(Problem statement): Among the records below, the line containing "this 1280×1708 image." marks the start. Output it and all lines after it exactly.

Items from a data source
%%

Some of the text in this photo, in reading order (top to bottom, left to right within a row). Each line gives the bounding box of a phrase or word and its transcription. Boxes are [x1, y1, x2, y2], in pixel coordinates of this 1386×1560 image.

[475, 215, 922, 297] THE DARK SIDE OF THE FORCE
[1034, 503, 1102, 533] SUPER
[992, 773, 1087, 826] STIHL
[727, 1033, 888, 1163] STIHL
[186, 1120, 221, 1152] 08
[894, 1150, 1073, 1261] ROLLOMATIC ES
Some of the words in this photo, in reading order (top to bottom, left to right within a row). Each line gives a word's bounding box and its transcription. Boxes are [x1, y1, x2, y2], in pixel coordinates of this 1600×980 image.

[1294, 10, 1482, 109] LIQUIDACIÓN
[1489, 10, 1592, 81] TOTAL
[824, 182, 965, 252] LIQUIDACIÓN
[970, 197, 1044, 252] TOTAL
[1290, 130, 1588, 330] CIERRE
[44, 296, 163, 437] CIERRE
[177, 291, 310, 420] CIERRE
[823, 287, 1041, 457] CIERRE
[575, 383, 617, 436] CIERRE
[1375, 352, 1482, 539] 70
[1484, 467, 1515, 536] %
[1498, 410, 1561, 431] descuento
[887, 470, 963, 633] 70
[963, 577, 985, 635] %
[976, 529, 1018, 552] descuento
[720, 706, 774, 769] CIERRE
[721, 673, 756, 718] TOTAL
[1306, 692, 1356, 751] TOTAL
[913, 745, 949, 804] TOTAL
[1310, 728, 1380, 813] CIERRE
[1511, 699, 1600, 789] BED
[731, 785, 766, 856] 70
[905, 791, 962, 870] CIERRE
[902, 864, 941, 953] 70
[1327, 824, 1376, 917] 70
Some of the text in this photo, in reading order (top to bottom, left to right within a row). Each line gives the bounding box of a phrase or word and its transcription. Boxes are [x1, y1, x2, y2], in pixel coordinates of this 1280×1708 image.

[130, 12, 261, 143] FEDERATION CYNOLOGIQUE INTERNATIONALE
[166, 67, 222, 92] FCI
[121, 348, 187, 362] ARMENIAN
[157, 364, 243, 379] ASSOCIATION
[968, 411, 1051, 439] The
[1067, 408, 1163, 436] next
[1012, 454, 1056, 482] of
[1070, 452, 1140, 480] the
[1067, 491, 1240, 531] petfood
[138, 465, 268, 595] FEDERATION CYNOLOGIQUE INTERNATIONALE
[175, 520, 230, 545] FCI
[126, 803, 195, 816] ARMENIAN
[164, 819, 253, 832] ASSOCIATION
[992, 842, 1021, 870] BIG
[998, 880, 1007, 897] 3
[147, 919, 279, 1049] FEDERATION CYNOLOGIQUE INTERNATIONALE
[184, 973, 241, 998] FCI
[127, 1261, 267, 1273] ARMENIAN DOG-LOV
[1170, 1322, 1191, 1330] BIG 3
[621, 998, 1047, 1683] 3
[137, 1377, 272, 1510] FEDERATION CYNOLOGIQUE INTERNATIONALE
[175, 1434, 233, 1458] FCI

%%

(Output):
Some of the text in this photo, in reading order (top to bottom, left to right within a row). Each line gives the bounding box of a phrase or word and its transcription. Boxes are [x1, y1, x2, y2], in pixel coordinates of this 1280×1708 image.

[130, 12, 261, 143] FEDERATION CYNOLOGIQUE INTERNATIONALE
[166, 67, 222, 92] FCI
[121, 348, 187, 362] ARMENIAN
[157, 364, 243, 379] ASSOCIATION
[968, 411, 1051, 439] The
[1067, 408, 1163, 436] next
[1012, 454, 1056, 482] of
[1070, 452, 1140, 480] the
[1067, 491, 1240, 531] petfood
[138, 465, 268, 595] FEDERATION CYNOLOGIQUE INTERNATIONALE
[175, 520, 230, 545] FCI
[126, 803, 195, 816] ARMENIAN
[164, 819, 253, 832] ASSOCIATION
[992, 842, 1021, 870] BIG
[998, 880, 1007, 897] 3
[147, 919, 279, 1049] FEDERATION CYNOLOGIQUE INTERNATIONALE
[184, 973, 241, 998] FCI
[127, 1261, 267, 1273] ARMENIAN DOG-LOV
[1170, 1322, 1191, 1330] BIG 3
[621, 998, 1047, 1683] 3
[137, 1377, 272, 1510] FEDERATION CYNOLOGIQUE INTERNATIONALE
[175, 1434, 233, 1458] FCI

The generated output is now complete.